하위 내용은 get 형태와 post 형태의 기본적인 형태와 데이터를 보내는 방법을 작성하였습니다. url부분은 자주 방문하시는 사이트 주소로 테스트해보시면 좋을 것 같습니다. 그리고 상황에 맞춰 데이터를 가져오면 req_dt변수의 값을 가공하는 방법은 별도로 서술했습니다.

get 요청 - 기본 형태

import requests as req

url = "https://www.????.co.kr"

req_dt = req.get(url)

get 요청 - 쿼리스트링 (1)

import requests as req

url = "https://www.????.co.kr"

req_dt = req.get(url, params={"key1":"value1","key2":"value2"})

get 요청 - 쿼리스트링 (2)

import requests as req

url = "https://www.????.co.kr//?key1=value1&key2=value2"

req_dt = req.get(url)

post 요청 - 기본 형태

import requests as req

url = "https://www.????.co.kr"

req_dt = req.post(url)

post 요청 - 데이터 전송

import requests as req

url = "https://www.????.co.kr"

req_dt = req.post(url, data={"key1":"value1","key2":"value2"})

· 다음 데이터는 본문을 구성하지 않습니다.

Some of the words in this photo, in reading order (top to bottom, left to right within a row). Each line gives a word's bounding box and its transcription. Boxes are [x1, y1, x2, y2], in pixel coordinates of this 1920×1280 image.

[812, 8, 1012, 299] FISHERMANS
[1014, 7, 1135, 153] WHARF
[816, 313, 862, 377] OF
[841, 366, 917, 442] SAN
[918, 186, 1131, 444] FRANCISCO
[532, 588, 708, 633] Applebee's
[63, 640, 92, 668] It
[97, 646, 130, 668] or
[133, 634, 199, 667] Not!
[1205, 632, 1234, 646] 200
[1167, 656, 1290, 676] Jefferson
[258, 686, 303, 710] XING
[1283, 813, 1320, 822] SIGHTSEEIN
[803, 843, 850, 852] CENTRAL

post 요청 - 데이터 전송 (json 사용)

import requests as req
import json

url = "https://www.????.co.kr"

req_dt = req.post(url, data=json.dumps({"key1":"value1","key2":"value2"})

헤더 설정

import requests as req

url = "https://www.????.co.kr"

req_dt = req.get(url, headers={"User-Agent":"Mozilla/5.0 (Machintosh;Intel Mac OS X 10_12_5) AppleWebKit/537.36 (KHTML, like Gecko) Chrome/60.0.3112.113 Safari/537.36"})

req_dt 변수 데이터 가공

이상으로 위에서 GET과 POST방식으로 웹 서버에 요청하여 받은 데이터를 req_dt 변수에 담은 이후 어떻게 데이터를 추출하는지 알아보겠습니다. 뭐 특별한 것은 없기에 결과 값은 생략하겠습니다.

# 응답코드 확인
print(req_dt)

# 응답코드 번호만 출력
print(req_dt.status_code)

# 헤더 정보 확인
print(req_dt.headers)

# 쿠키정보 - 1
print(req_dt.headers['Set-Cookie'])

# 쿠키정보 - 2
print(req_dt.cookies)

# HTML 정보 가져오기 (TEXT 형태)
# 데이터가 깨질 수 있음
print(req_dt.text)

# HTML 정보 가져오기 (바이너리 형태)
print(req_dt.content)

# 페이지 인코딩 정보 확인
print(req_dt.encoding)

requests exceptions

requests 사용 시 발생하는 오류들을 정리해 보았습니다. 오류가 발생하지 않으면 가장 좋겠지만 만약 오류가 발생한다면 그 각 오류 메시지에 해당하는 설명은 다음과 같습니다.

Error	설명
RequestException	요청 처리 에러
HTTPError	HTTP 에러
ConnectionError	연결 오류
ProxyError	프록시 오류
SSLError	SSL 인증서 오류
Timeout	요청시간 초과 (ConnectTimeout 과 ReadTimeout 같이 발생)
ConnectTimeout	서버 응답시간 초과
ReadTimeout	서버 데이터 전송 시간 초과
URLRequired	유효한 URL이 아닐경우
TooManyRedirects	리다이렉션이 너무 많을 경우 (새로고침 경우)
MissingSchema	http 또는 https가 누락
InvalidSchema	유효한 스키마는 defaults.py를 참조하라 하는데 못찾겠음.
InvalidURL	제공된 URL이 잘못 되었을 경우
InvalidHeader	헤더가 잘못 되었을 경우
InvalidProxyURL	제공된 ProxyURL이 잘못 되었을 경우
ChunkedEncodingError	서버가 청크 인코딩을 선언했지만 잘못된 청크를 보낼 경우
ContentDecodingError	응답 내용을 디코딩하지 못할 경우
StreamConsumedError	이미 사용된 콘텐츠일 경우
RetryError	재요청 실패
UnrewindableBodyError	본문을 다시 읽기 실패
RequestsWarning	요청에 대한 기본 경고
FileModeWarning	파일을 텍스트 모드로 열었지만 바이너리 파일을 요청할 때
RequestsDependencyWarning	가져온 종속성이 예상 버전 범위가 아닐 경우

urllib 모듈 맛보기

이전 포스팅 글에서 requests 모듈과 비슷한 역할을 하는 내장 모듈 urllib가 있다고 말씀드렸습니다. 파이썬 웹 크롤러를 제작하는 데 사용하지는 않지만 urllib를 살펴보지 않으면 urllib 모듈이 섭섭해할 것 같아 간단히 맛보겠습니다.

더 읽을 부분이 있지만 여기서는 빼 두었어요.